“Cada real recolhido pela indústria deve se converter em resultado mensurável para a população. Sem isso, os bilhões continuarão sendo apenas números. Com isso, podem se tornar a senha de uma nova configuração social e econômica do estado”.
Coluna Follow-Up
A Zona Franca de Manaus é mais que um polo produtivo. É, cada vez mais, um agente estruturante da arrecadação pública e do desenvolvimento regional. Movida por engrenagens de trabalho formal, inovação tecnológica e compromisso legal, a indústria incentivada sustenta parte expressiva das finanças estaduais e municipais do Amazonas.
No primeiro semestre de 2025, os números comprovam essa contribuição com clareza:
• R$ 1,2 bilhão recolhidos ao Fundo de Turismo, Infraestrutura e Interiorização (FTI);
• R$ 469 milhões destinados à Contribuição para o Ensino Superior, que financia a Universidade do Estado do Amazonas (UEA);
• R$ 198 milhões ao Fundo de Fomento às Micro e Pequenas Empresas (FMPES);
• R$ 728 milhões pagos em ICMS, tornando a indústria o maior contribuinte isolado do Estado;
• e, ainda, R$ 2,36 bilhões investidos em Pesquisa, Desenvolvimento e Inovação (PD&I) pelas empresas de bens de informática.

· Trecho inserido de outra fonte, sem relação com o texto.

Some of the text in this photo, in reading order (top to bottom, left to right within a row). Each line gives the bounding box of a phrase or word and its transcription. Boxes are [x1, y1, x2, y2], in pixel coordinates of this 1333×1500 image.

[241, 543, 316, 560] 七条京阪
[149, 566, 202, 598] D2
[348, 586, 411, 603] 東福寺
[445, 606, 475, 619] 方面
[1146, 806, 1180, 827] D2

Somados, esses valores ultrapassam R$ 6 bilhões em apenas seis meses — o que projeta um total anual entre R$ 11,5 e 12 bilhões. Recursos legalmente vinculados a áreas decisivas: educação superior, turismo, infraestrutura, micro e pequenas empresas e inovação tecnológica.
O paradoxo inaceitável
E, no entanto, a realidade social do Amazonas continua a expor um paradoxo doloroso: a abundância de recursos convive com a persistência da miséria estrutural.
• O estado segue entre os últimos colocados em Índice de Desenvolvimento Humano (IDH), ao lado do Maranhão.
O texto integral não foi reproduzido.